_EXERCISE BRIEF_
Every record below is to be retyped exactly, with the pictures left out.

════════

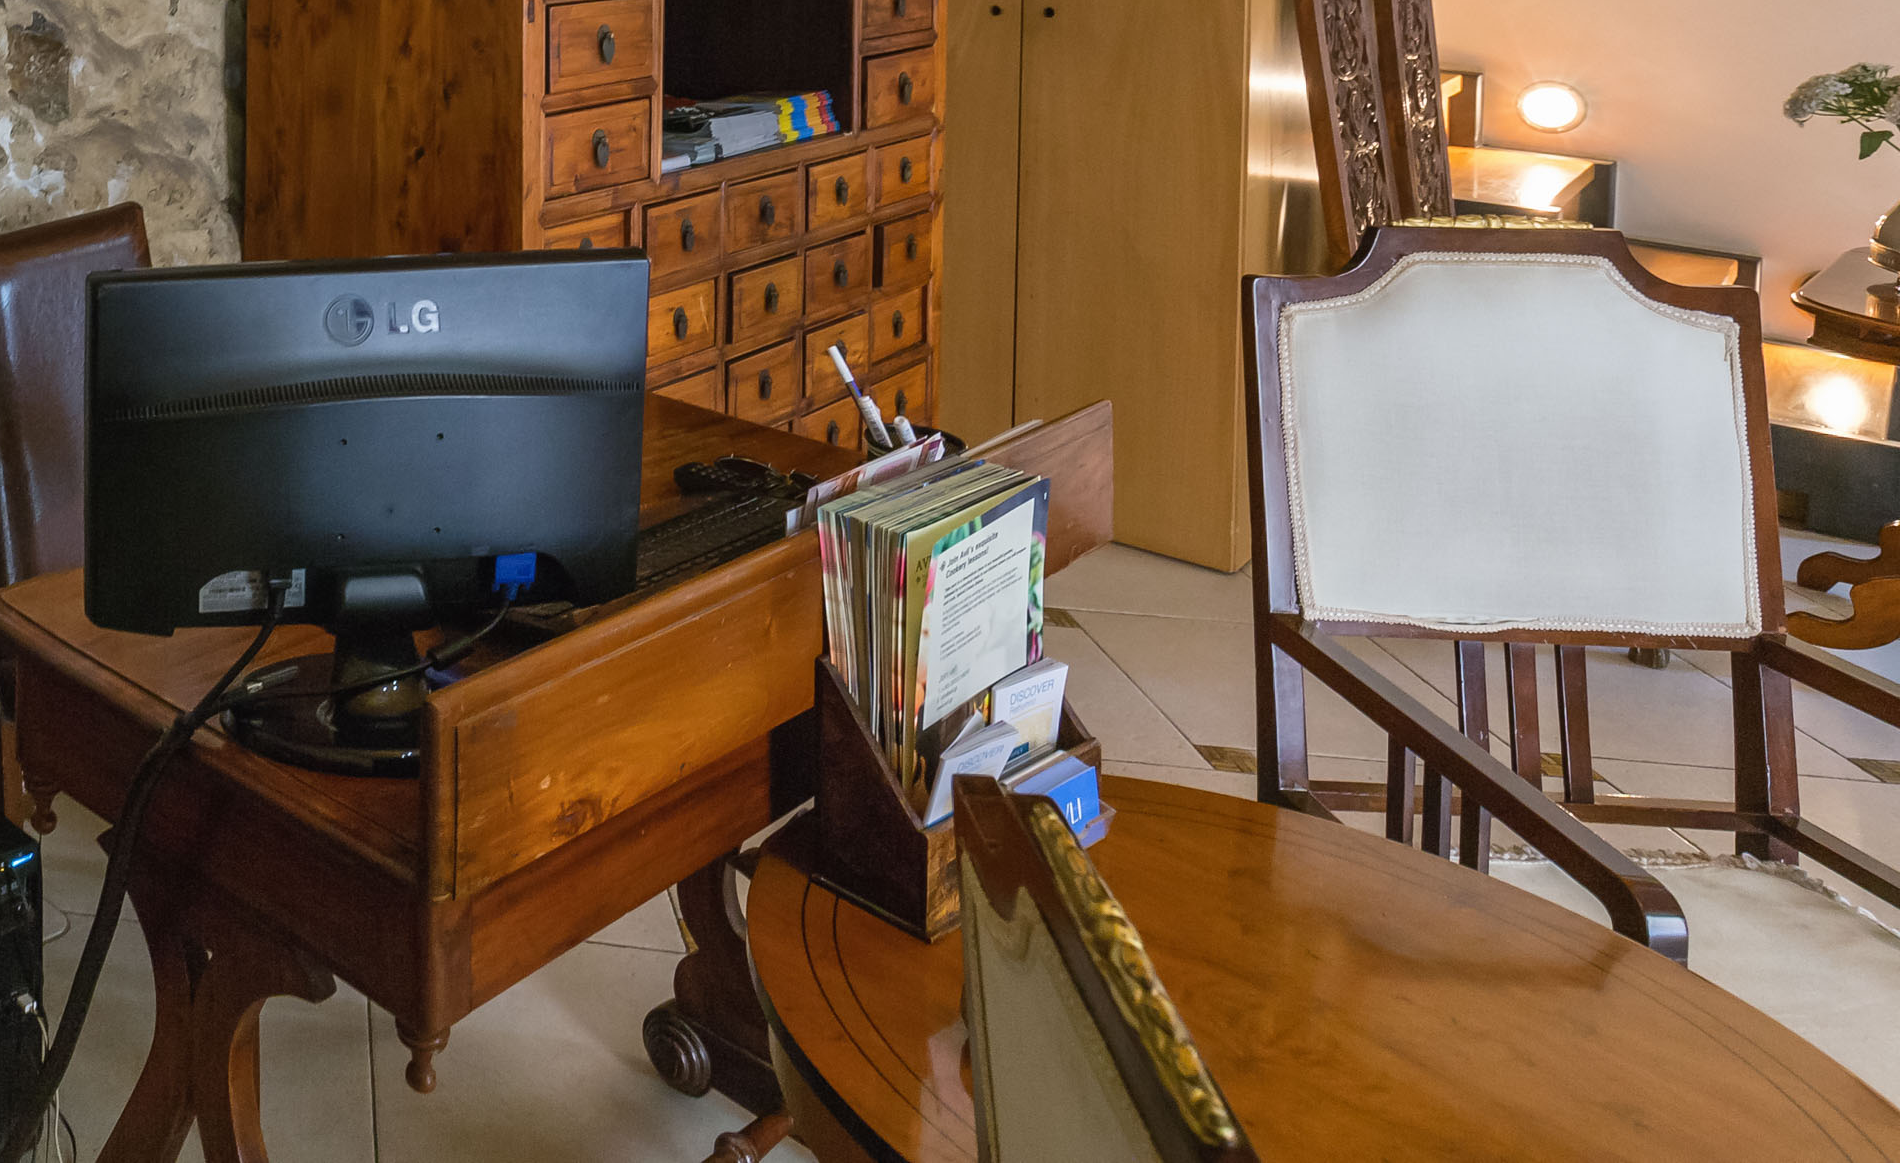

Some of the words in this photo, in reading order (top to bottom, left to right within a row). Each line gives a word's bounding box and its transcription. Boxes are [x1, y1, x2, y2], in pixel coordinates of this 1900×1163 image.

[388, 299, 441, 335] LG
[945, 560, 967, 579] Cookery
[1010, 679, 1054, 705] DISCOVER
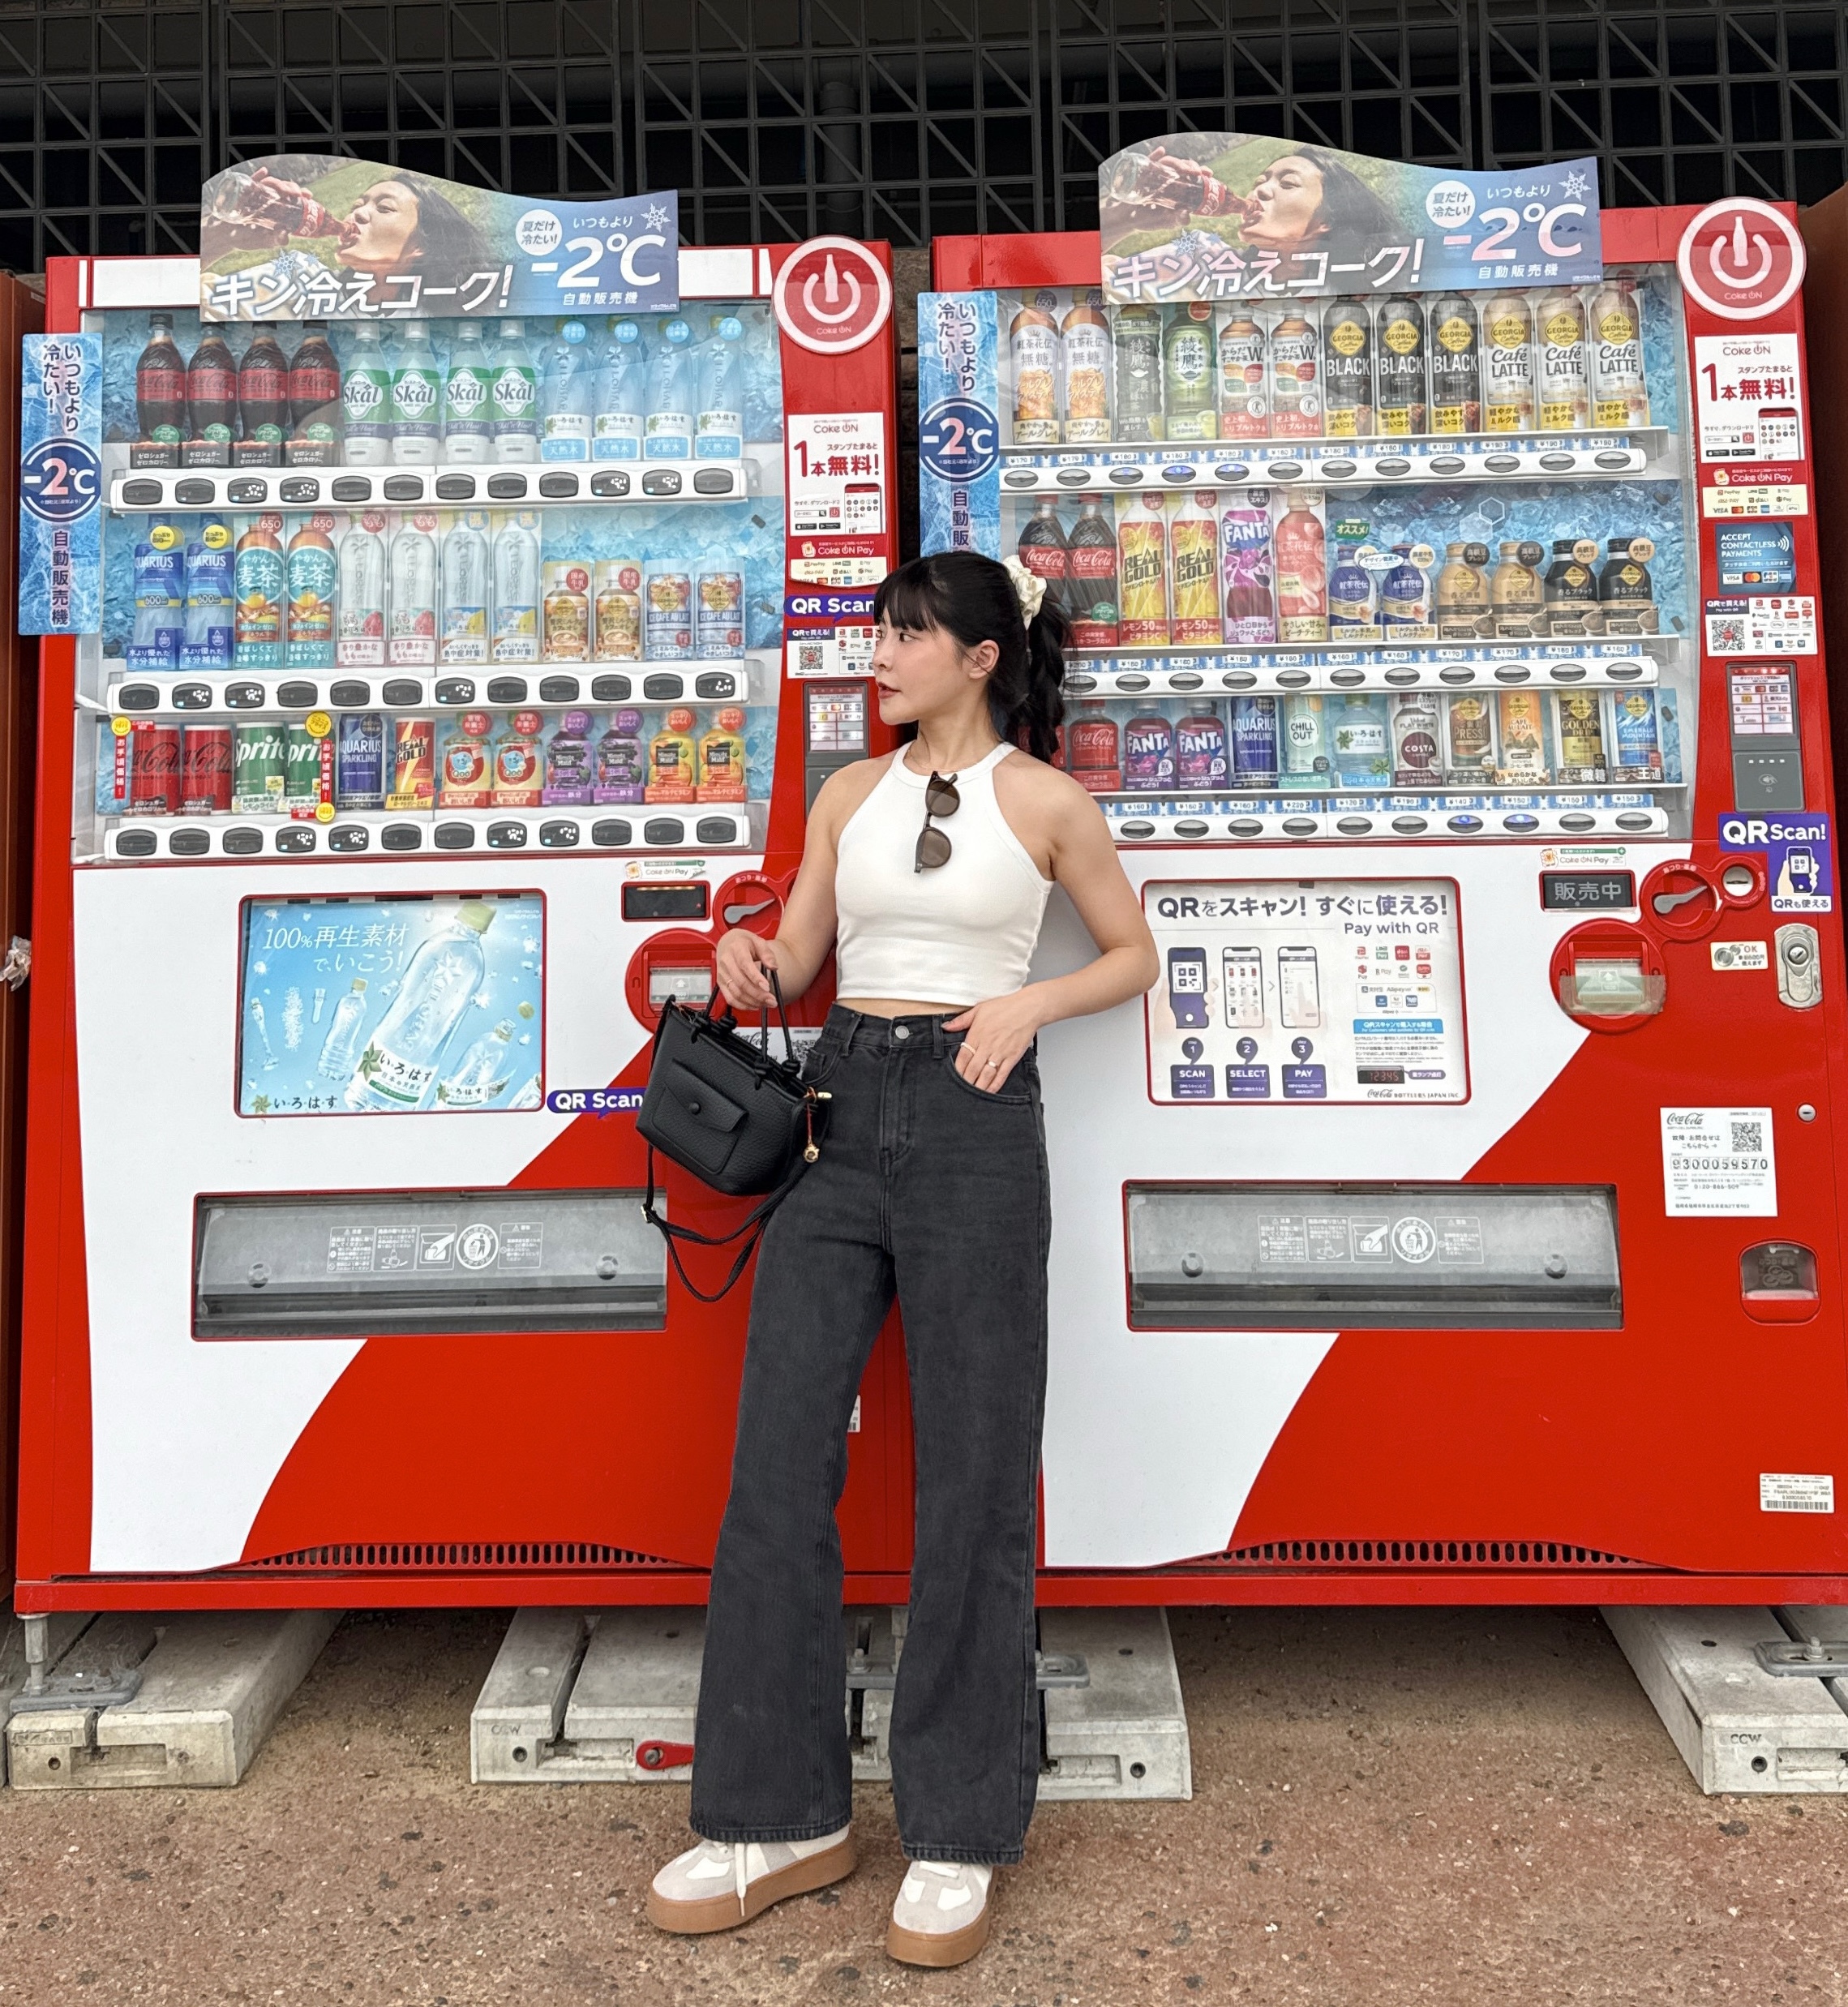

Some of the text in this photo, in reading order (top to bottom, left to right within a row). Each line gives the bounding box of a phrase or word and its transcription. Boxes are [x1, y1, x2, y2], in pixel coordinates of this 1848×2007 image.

[1433, 192, 1468, 203] 夏だけ
[1487, 185, 1550, 199] いつもより
[522, 221, 555, 232] 夏だけ
[573, 217, 633, 229] いつもより
[1478, 264, 1559, 279] 自動販売機
[563, 291, 638, 306] 自動販売機
[959, 303, 976, 391] いつもより
[1017, 338, 1052, 350] 紅茶花伝
[1069, 337, 1104, 349] 紅茶花伝
[1130, 339, 1147, 368] 綾鷹
[1181, 337, 1196, 370] 綾鷹
[1248, 346, 1263, 361] W
[1300, 345, 1315, 360] W
[1492, 349, 1528, 362] Café
[1546, 346, 1581, 361] Café
[1600, 344, 1636, 358] Café
[1723, 347, 1751, 356] Coke
[1022, 353, 1048, 365] 無糖
[1073, 352, 1100, 365] 無糖
[1434, 354, 1477, 373] BLACK
[1327, 358, 1370, 376] BLACK
[1381, 356, 1425, 375] BLACK
[1492, 363, 1529, 378] LATTE
[1546, 362, 1582, 375] LATTE
[1600, 359, 1637, 374] LATTE
[1738, 366, 1793, 374] スタンプたまると
[64, 345, 81, 432] いつもより
[813, 425, 840, 434] Coke
[1016, 430, 1057, 439] アールグレイ
[1067, 429, 1108, 438] アールグレイ
[549, 446, 578, 455] 天然水
[602, 445, 628, 454] 天然水
[1732, 474, 1756, 482] Coke
[1774, 474, 1792, 482] Pay
[261, 520, 281, 529] 650
[314, 519, 332, 528] 650
[1337, 525, 1369, 534] オススメ!
[1225, 522, 1270, 543] FANTA
[818, 547, 840, 555] Coke
[857, 547, 874, 555] Pay
[1722, 541, 1777, 549] CONTACTLESS
[1026, 549, 1065, 566] Coca-Cola
[1073, 549, 1111, 567] Coca-Cola
[1124, 548, 1161, 569] REAL
[1177, 547, 1214, 568] REAL
[238, 565, 281, 587] 麦茶
[289, 565, 332, 587] 麦茶
[1124, 561, 1161, 584] GOLD
[1177, 560, 1214, 582] GOLD
[52, 531, 70, 625] 自動販売機
[791, 598, 821, 614] QR
[1130, 632, 1160, 641] ビタミンC
[131, 658, 168, 667] 水分補給
[185, 657, 221, 665] 水分補給
[1290, 723, 1314, 731] CHILL
[1562, 719, 1599, 729] GOLDEN
[1072, 729, 1113, 747] Coca-Cola
[1179, 731, 1222, 753] FANTA
[1237, 731, 1272, 741] SPARKLING
[1127, 733, 1170, 753] FANTA
[1404, 744, 1434, 753] COSTA
[342, 754, 377, 763] SPARKLING
[397, 748, 427, 764] GOLD
[452, 770, 470, 778] Qoo
[504, 770, 522, 778] Qoo
[1637, 767, 1662, 780] 王道
[1723, 821, 1825, 845] QR Scan!
[1554, 881, 1621, 901] 販売中
[1774, 898, 1829, 908] QRも使える
[1344, 922, 1439, 937] Pay with QR
[263, 924, 409, 950] 100%再生素材
[1244, 1045, 1250, 1053] 2
[1299, 1045, 1306, 1053] 3
[1229, 1070, 1266, 1078] SELECT
[1370, 1071, 1399, 1081] 12345
[555, 1093, 586, 1110] QR
[1666, 1113, 1704, 1125] Coca-Cola
[1730, 1734, 1762, 1744] CCW

════════

_RESULT_
Some of the words in this photo, in reading order (top to bottom, left to right within a row). Each line gives a word's bounding box and its transcription. Boxes are [x1, y1, x2, y2], in pixel coordinates of this 1900×1163 image.

[388, 299, 441, 335] LG
[945, 560, 967, 579] Cookery
[1010, 679, 1054, 705] DISCOVER

Some of the text in this photo, in reading order (top to bottom, left to right within a row). Each line gives the bounding box of a phrase or word and its transcription. Boxes are [x1, y1, x2, y2], in pixel coordinates of this 1848×2007 image.

[1433, 192, 1468, 203] 夏だけ
[1487, 185, 1550, 199] いつもより
[522, 221, 555, 232] 夏だけ
[573, 217, 633, 229] いつもより
[1478, 264, 1559, 279] 自動販売機
[563, 291, 638, 306] 自動販売機
[959, 303, 976, 391] いつもより
[1017, 338, 1052, 350] 紅茶花伝
[1069, 337, 1104, 349] 紅茶花伝
[1130, 339, 1147, 368] 綾鷹
[1181, 337, 1196, 370] 綾鷹
[1248, 346, 1263, 361] W
[1300, 345, 1315, 360] W
[1492, 349, 1528, 362] Café
[1546, 346, 1581, 361] Café
[1600, 344, 1636, 358] Café
[1723, 347, 1751, 356] Coke
[1022, 353, 1048, 365] 無糖
[1073, 352, 1100, 365] 無糖
[1434, 354, 1477, 373] BLACK
[1327, 358, 1370, 376] BLACK
[1381, 356, 1425, 375] BLACK
[1492, 363, 1529, 378] LATTE
[1546, 362, 1582, 375] LATTE
[1600, 359, 1637, 374] LATTE
[1738, 366, 1793, 374] スタンプたまると
[64, 345, 81, 432] いつもより
[813, 425, 840, 434] Coke
[1016, 430, 1057, 439] アールグレイ
[1067, 429, 1108, 438] アールグレイ
[549, 446, 578, 455] 天然水
[602, 445, 628, 454] 天然水
[1732, 474, 1756, 482] Coke
[1774, 474, 1792, 482] Pay
[261, 520, 281, 529] 650
[314, 519, 332, 528] 650
[1337, 525, 1369, 534] オススメ!
[1225, 522, 1270, 543] FANTA
[818, 547, 840, 555] Coke
[857, 547, 874, 555] Pay
[1722, 541, 1777, 549] CONTACTLESS
[1026, 549, 1065, 566] Coca-Cola
[1073, 549, 1111, 567] Coca-Cola
[1124, 548, 1161, 569] REAL
[1177, 547, 1214, 568] REAL
[238, 565, 281, 587] 麦茶
[289, 565, 332, 587] 麦茶
[1124, 561, 1161, 584] GOLD
[1177, 560, 1214, 582] GOLD
[52, 531, 70, 625] 自動販売機
[791, 598, 821, 614] QR
[1130, 632, 1160, 641] ビタミンC
[131, 658, 168, 667] 水分補給
[185, 657, 221, 665] 水分補給
[1290, 723, 1314, 731] CHILL
[1562, 719, 1599, 729] GOLDEN
[1072, 729, 1113, 747] Coca-Cola
[1179, 731, 1222, 753] FANTA
[1237, 731, 1272, 741] SPARKLING
[1127, 733, 1170, 753] FANTA
[1404, 744, 1434, 753] COSTA
[342, 754, 377, 763] SPARKLING
[397, 748, 427, 764] GOLD
[452, 770, 470, 778] Qoo
[504, 770, 522, 778] Qoo
[1637, 767, 1662, 780] 王道
[1723, 821, 1825, 845] QR Scan!
[1554, 881, 1621, 901] 販売中
[1774, 898, 1829, 908] QRも使える
[1344, 922, 1439, 937] Pay with QR
[263, 924, 409, 950] 100%再生素材
[1244, 1045, 1250, 1053] 2
[1299, 1045, 1306, 1053] 3
[1229, 1070, 1266, 1078] SELECT
[1370, 1071, 1399, 1081] 12345
[555, 1093, 586, 1110] QR
[1666, 1113, 1704, 1125] Coca-Cola
[1730, 1734, 1762, 1744] CCW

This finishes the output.